• Directions for this task: Exactly as they stand, set down the following records once more.

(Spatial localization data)
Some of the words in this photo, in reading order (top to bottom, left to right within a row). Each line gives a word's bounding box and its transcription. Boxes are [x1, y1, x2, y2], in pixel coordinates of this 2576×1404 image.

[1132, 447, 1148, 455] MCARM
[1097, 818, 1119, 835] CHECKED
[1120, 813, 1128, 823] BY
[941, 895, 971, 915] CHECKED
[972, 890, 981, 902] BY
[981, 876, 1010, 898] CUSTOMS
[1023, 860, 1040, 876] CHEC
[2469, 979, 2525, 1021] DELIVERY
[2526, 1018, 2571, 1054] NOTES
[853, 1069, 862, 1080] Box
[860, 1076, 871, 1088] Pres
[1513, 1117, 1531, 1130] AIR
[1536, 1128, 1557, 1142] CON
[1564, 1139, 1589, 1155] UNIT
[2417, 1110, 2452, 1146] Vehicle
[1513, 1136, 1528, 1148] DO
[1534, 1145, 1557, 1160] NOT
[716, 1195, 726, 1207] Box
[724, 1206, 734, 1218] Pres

• Solution for this task:
Some of the words in this photo, in reading order (top to bottom, left to right within a row). Each line gives a word's bounding box and its transcription. Boxes are [x1, y1, x2, y2], in pixel coordinates of this 2576×1404 image.

[1132, 447, 1148, 455] MCARM
[1097, 818, 1119, 835] CHECKED
[1120, 813, 1128, 823] BY
[941, 895, 971, 915] CHECKED
[972, 890, 981, 902] BY
[981, 876, 1010, 898] CUSTOMS
[1023, 860, 1040, 876] CHEC
[2469, 979, 2525, 1021] DELIVERY
[2526, 1018, 2571, 1054] NOTES
[853, 1069, 862, 1080] Box
[860, 1076, 871, 1088] Pres
[1513, 1117, 1531, 1130] AIR
[1536, 1128, 1557, 1142] CON
[1564, 1139, 1589, 1155] UNIT
[2417, 1110, 2452, 1146] Vehicle
[1513, 1136, 1528, 1148] DO
[1534, 1145, 1557, 1160] NOT
[716, 1195, 726, 1207] Box
[724, 1206, 734, 1218] Pres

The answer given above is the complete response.